#### [Task prompt]
Every record must appear in your copy exactly as written, with no pictures.

#### [Exercise data]
________________
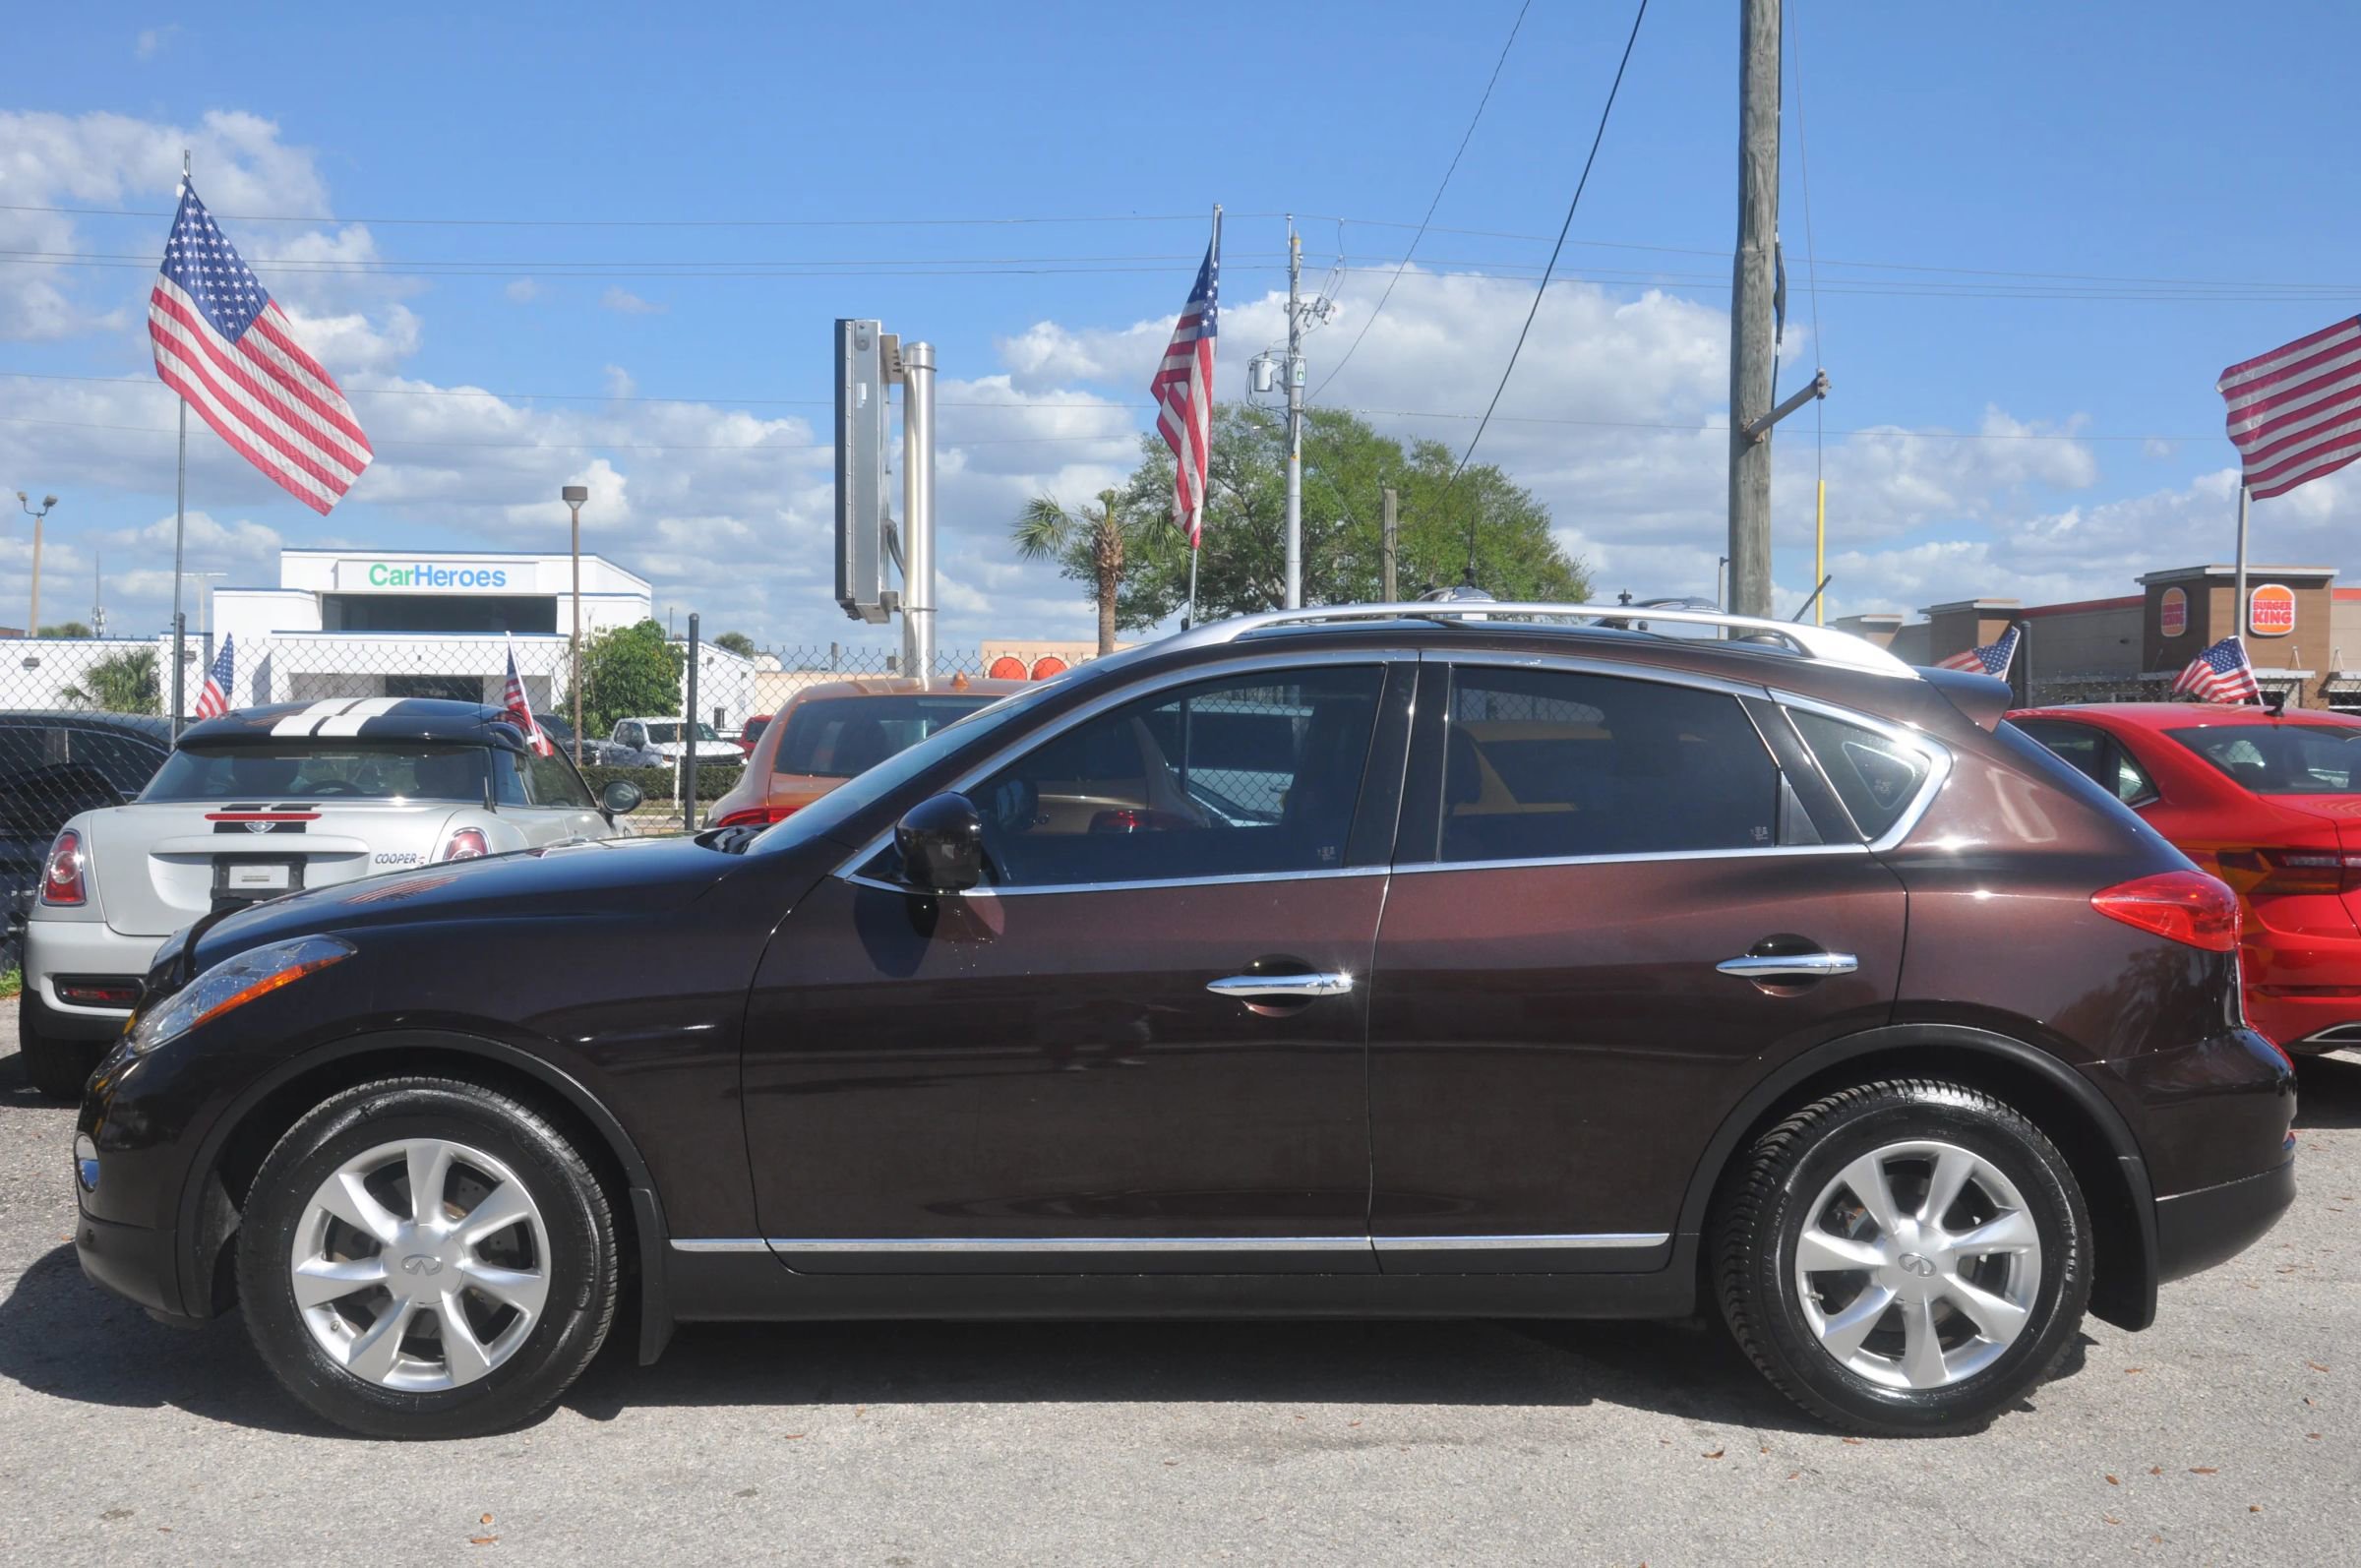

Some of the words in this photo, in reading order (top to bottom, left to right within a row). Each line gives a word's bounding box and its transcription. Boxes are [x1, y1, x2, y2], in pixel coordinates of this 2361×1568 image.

[368, 563, 507, 587] CarHeroes
[2253, 601, 2292, 611] BURGER
[2253, 610, 2292, 624] KING
[375, 853, 417, 865] COOPER
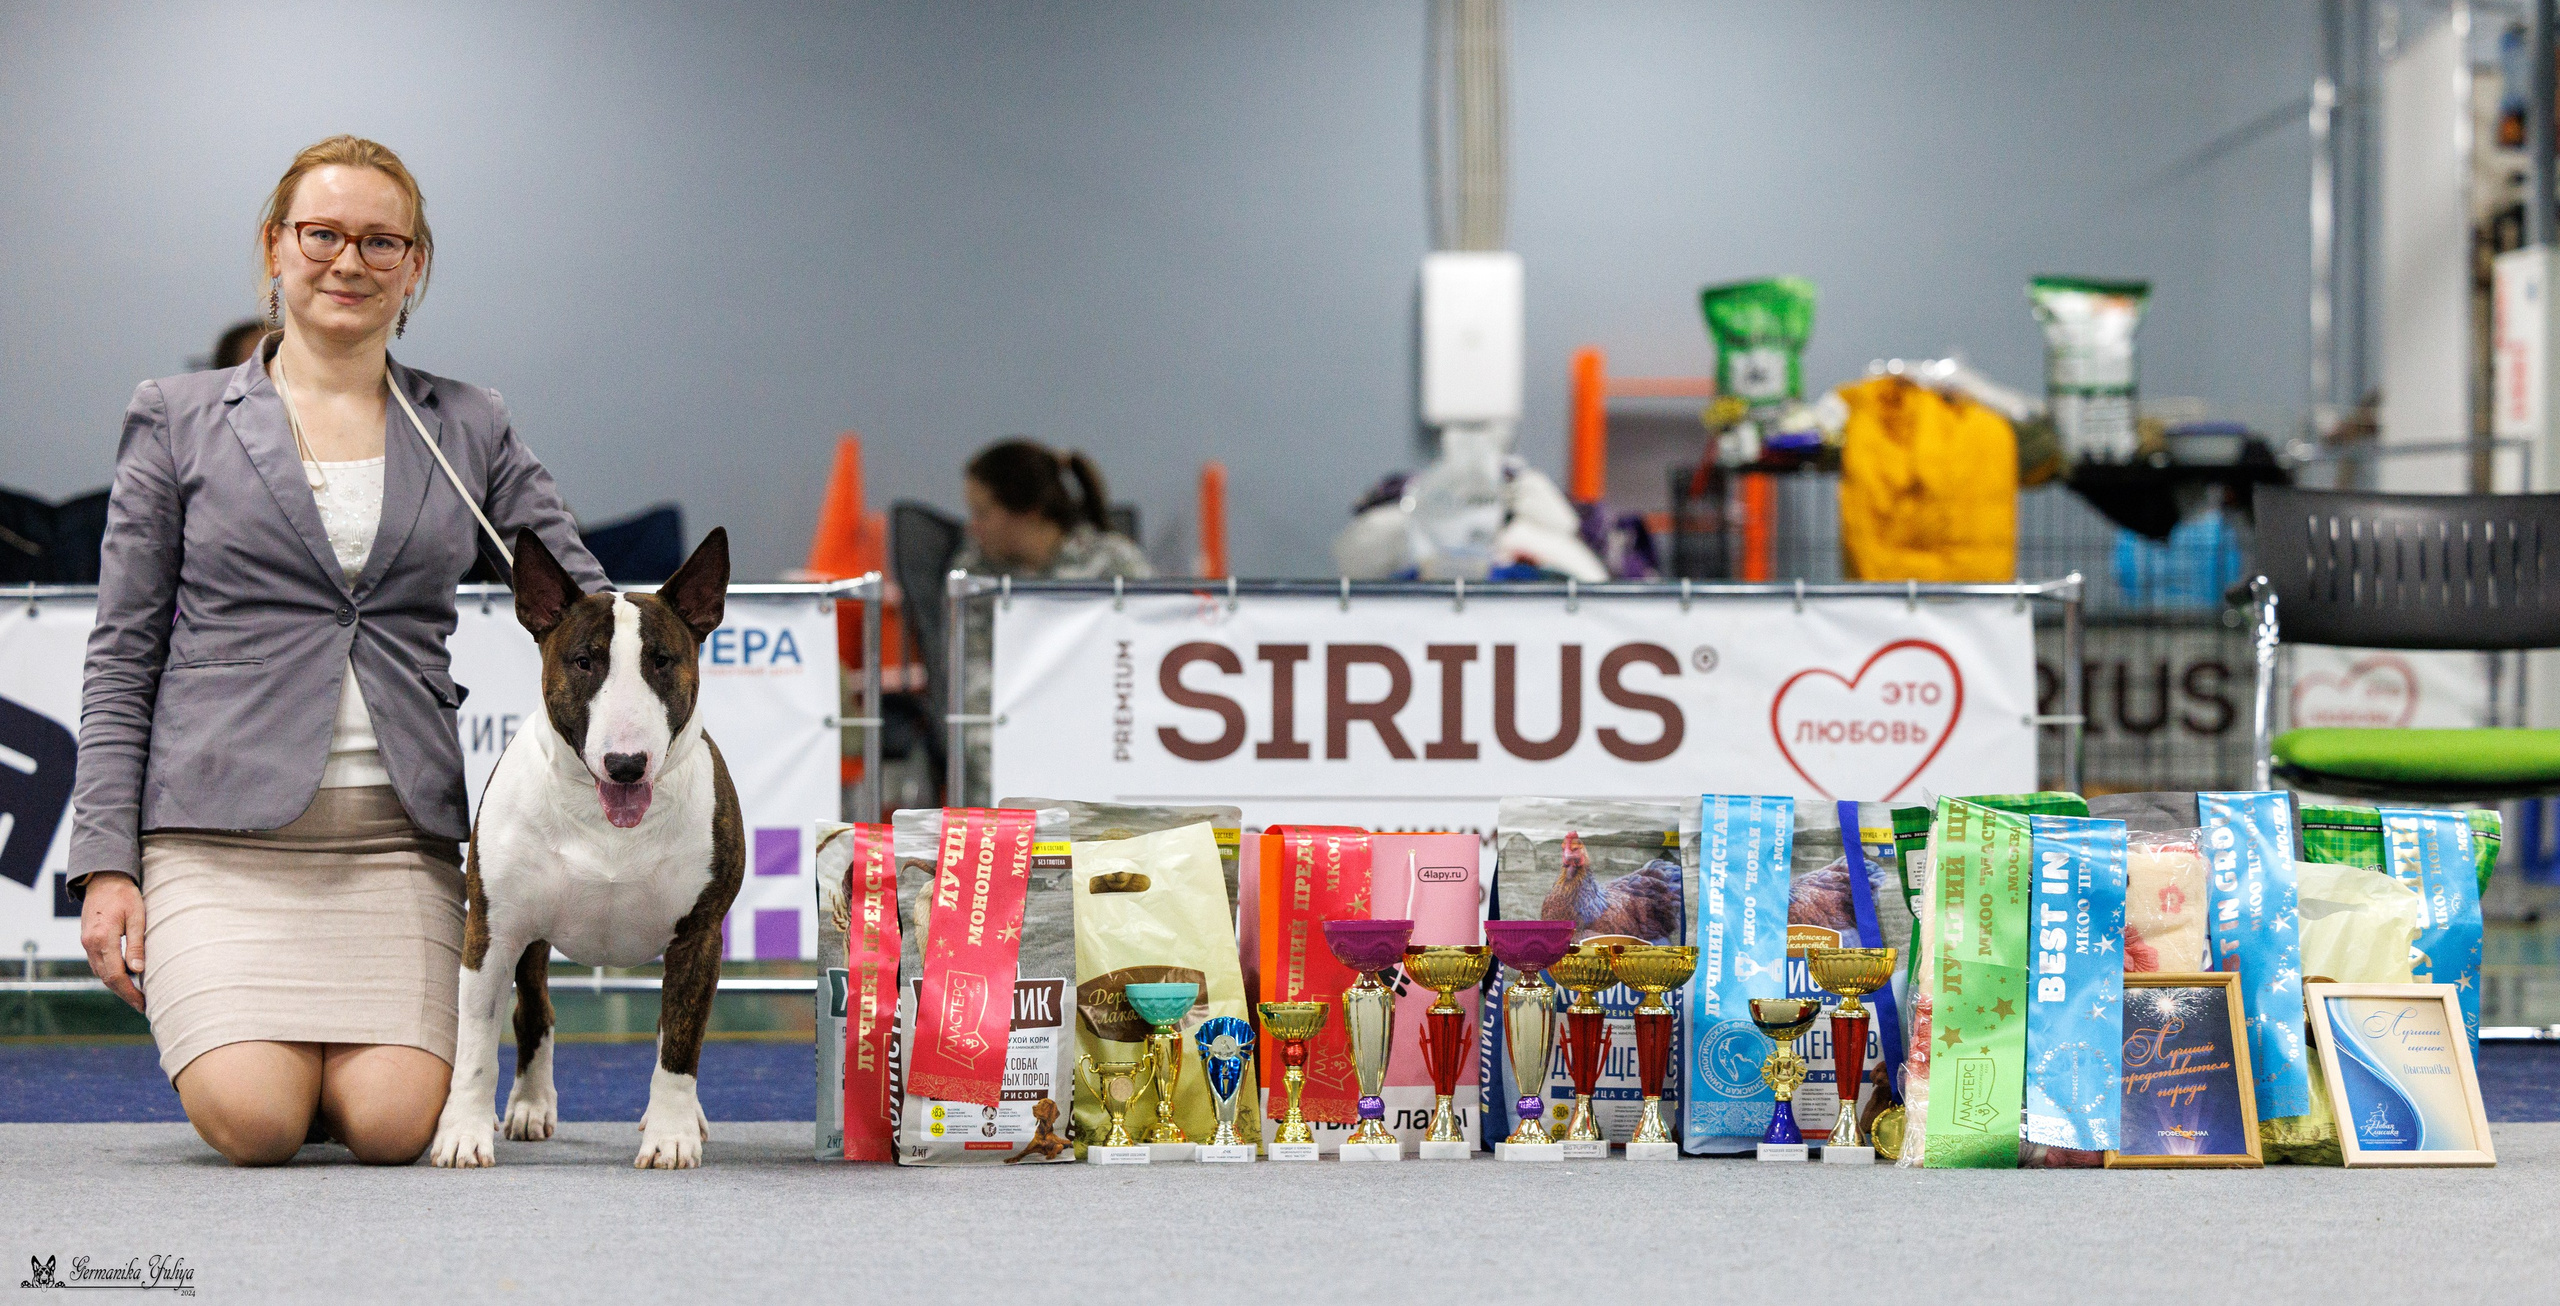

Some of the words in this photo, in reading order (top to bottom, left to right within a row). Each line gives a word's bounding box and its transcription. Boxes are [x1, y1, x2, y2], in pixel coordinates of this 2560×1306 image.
________________
#### [Exercise response]
Some of the words in this photo, in reading order (top to bottom, left to right within a row). Each line gives a word's bounding box and its transcription. Boxes are [x1, y1, x2, y2], in pixel coordinates of this 2361×1568 image.

[368, 563, 507, 587] CarHeroes
[2253, 601, 2292, 611] BURGER
[2253, 610, 2292, 624] KING
[375, 853, 417, 865] COOPER

Some of the words in this photo, in reading order (top to bottom, left to right within a row). Each line gives a word's bounding box and its transcription. Boxes are [x1, y1, x2, y2], in pixel coordinates of this 2560×1306 image.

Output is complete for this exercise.